Stored records:

___

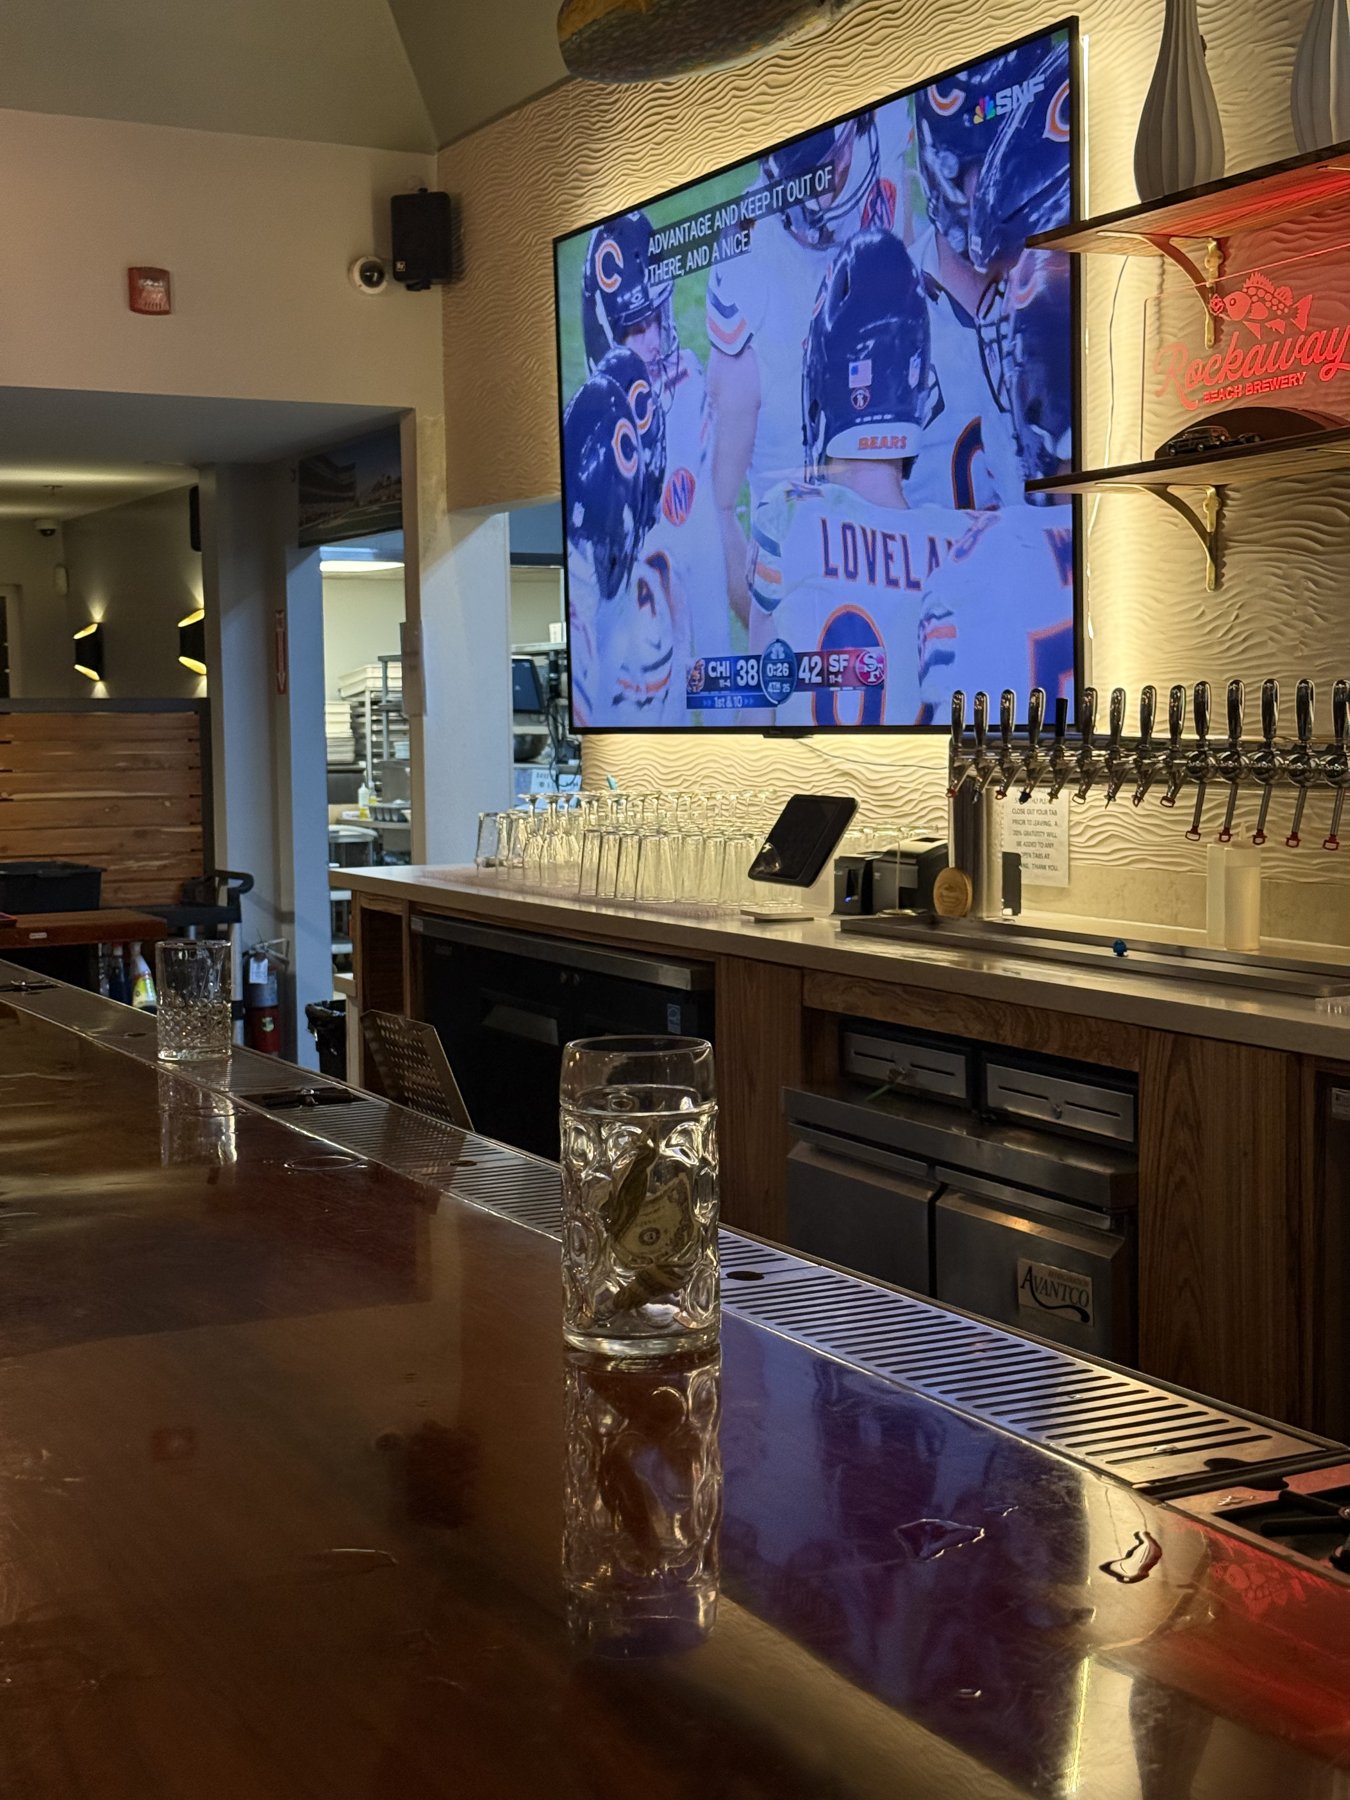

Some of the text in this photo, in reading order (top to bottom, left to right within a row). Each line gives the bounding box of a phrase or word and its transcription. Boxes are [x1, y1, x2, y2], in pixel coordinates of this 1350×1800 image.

[996, 74, 1045, 115] SNF
[648, 166, 832, 256] ADVANTAGE AND KEEP IT OUT OF
[648, 230, 749, 284] THERE, AND A NICE
[1153, 326, 1350, 411] Rockaway
[1203, 371, 1306, 404] BEACH BREWERY
[858, 435, 908, 450] BEARS
[821, 516, 955, 592] LOVELA
[708, 660, 730, 678] CHI
[736, 658, 759, 687] 38
[767, 662, 790, 677] 0:26
[798, 655, 823, 684] 42
[829, 654, 850, 673] SF
[1020, 1265, 1090, 1311] AVANTCO
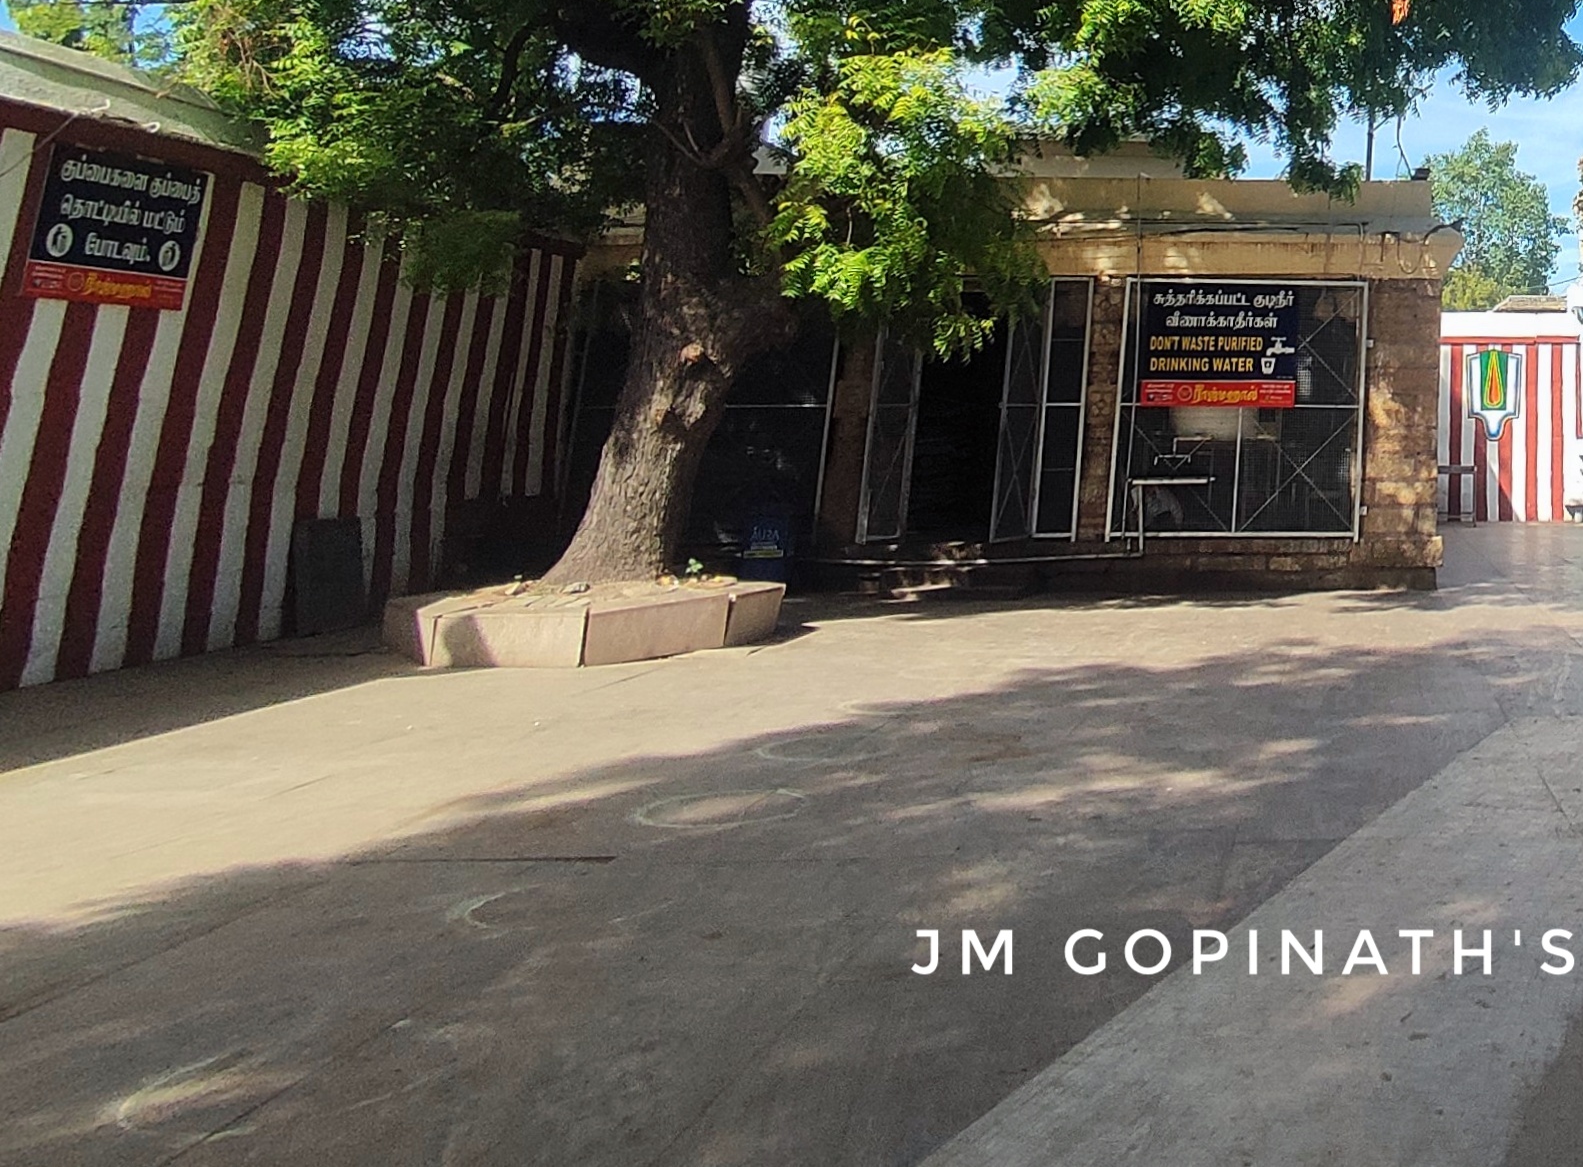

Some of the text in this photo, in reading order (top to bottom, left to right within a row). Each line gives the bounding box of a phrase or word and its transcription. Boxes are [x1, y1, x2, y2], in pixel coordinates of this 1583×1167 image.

[143, 209, 186, 235] மட்டும்
[1253, 290, 1295, 309] குடிநீர்
[1165, 310, 1279, 330] வீணாக்காதீர்கள்
[1149, 336, 1264, 352] DON'T WASTE PURIFIED
[1149, 357, 1254, 372] DRINKING WATER
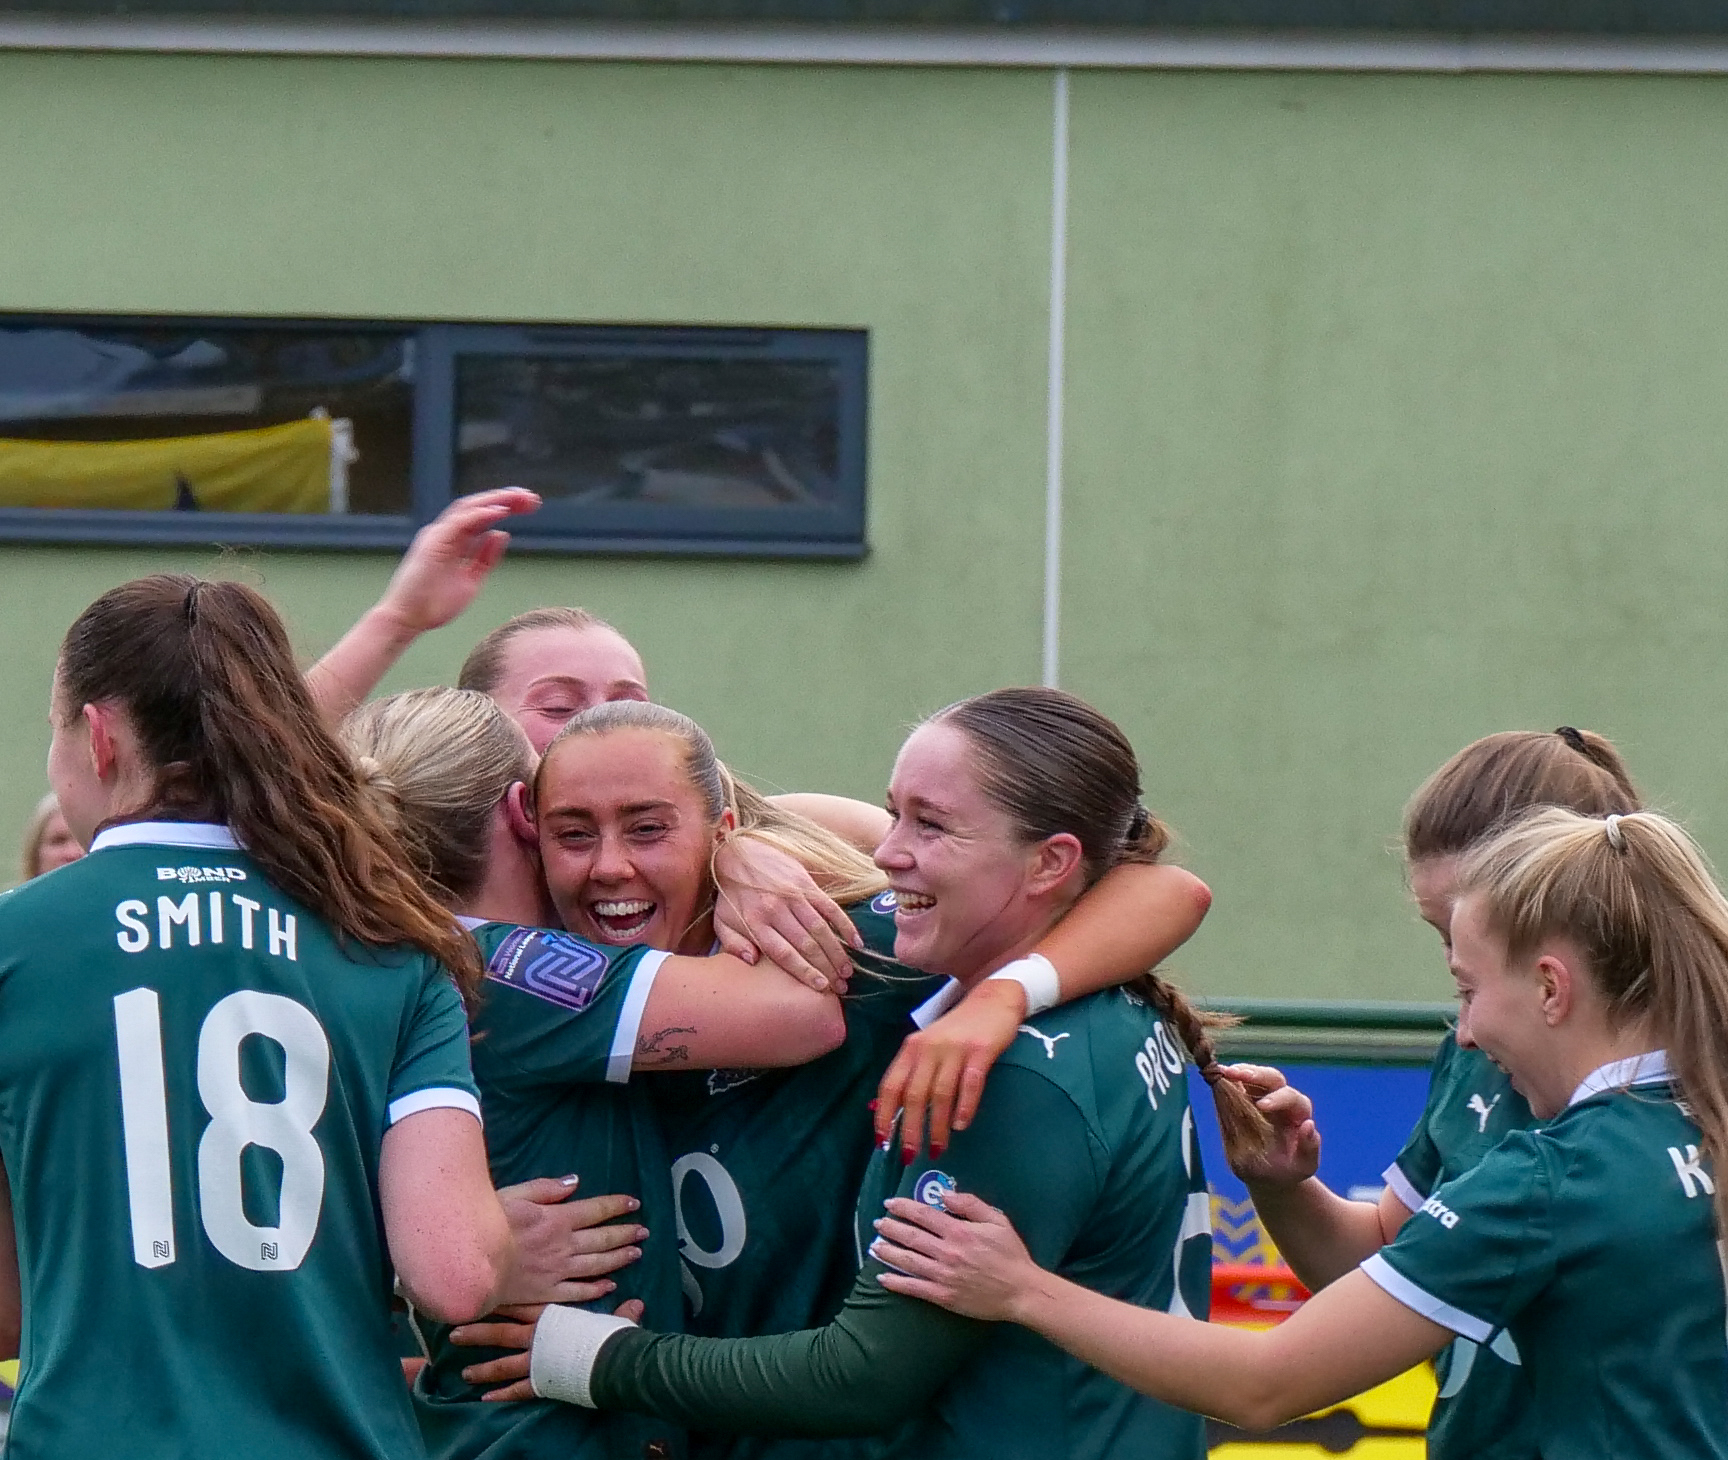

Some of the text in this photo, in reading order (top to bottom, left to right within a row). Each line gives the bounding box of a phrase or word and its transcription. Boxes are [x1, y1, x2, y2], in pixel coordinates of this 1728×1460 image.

[114, 891, 298, 962] SMITH
[1135, 1020, 1186, 1111] PRO
[113, 986, 330, 1271] 18
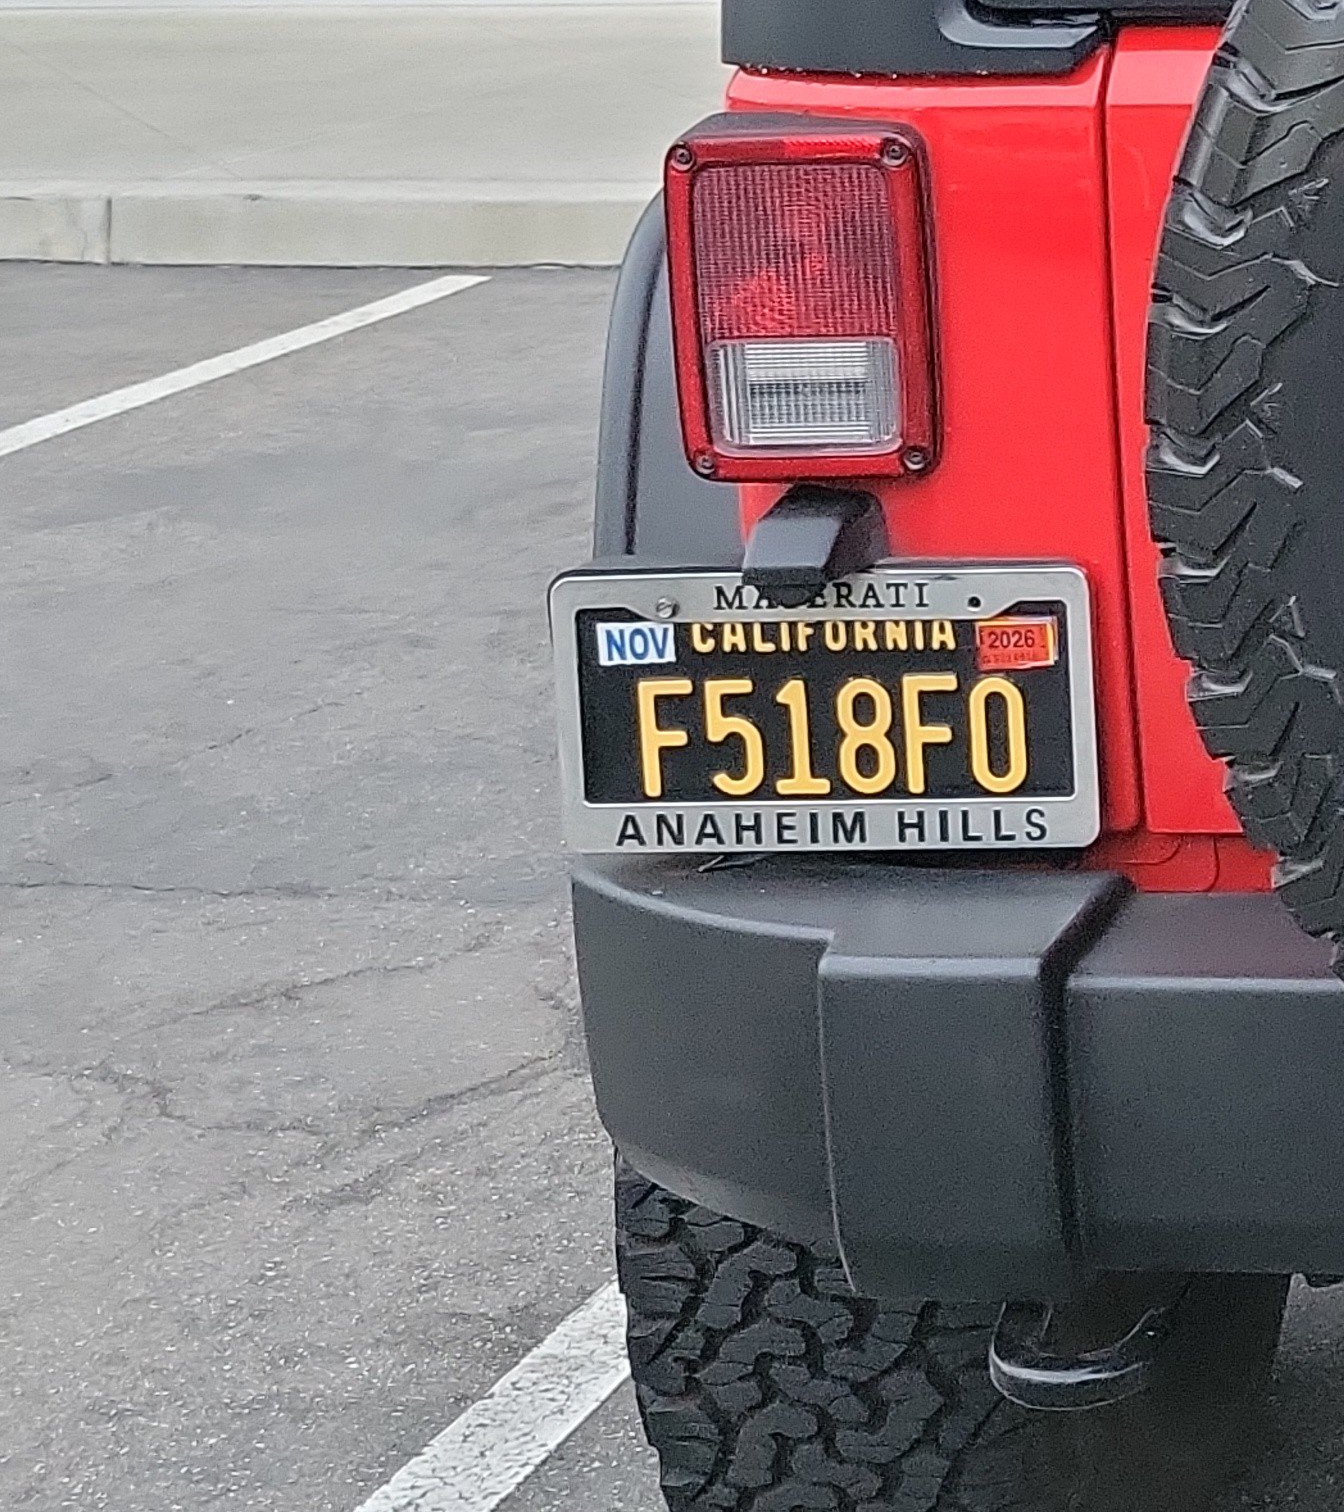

___

◆ **Aim of the exercise**
The line containing "this 1728×1460 image." marks the start: set down exactly that line and every line after it through the last line of the data, without any pictures.

◆ **Expected answer**
Some of the text in this photo, in reading order (top to bottom, left to right within a row). Each line gives the bounding box of a phrase or word and its transcription. Boxes are [x1, y1, x2, y2], in pixel coordinates of this 1728×1460 image.

[114, 891, 298, 962] SMITH
[1135, 1020, 1186, 1111] PRO
[113, 986, 330, 1271] 18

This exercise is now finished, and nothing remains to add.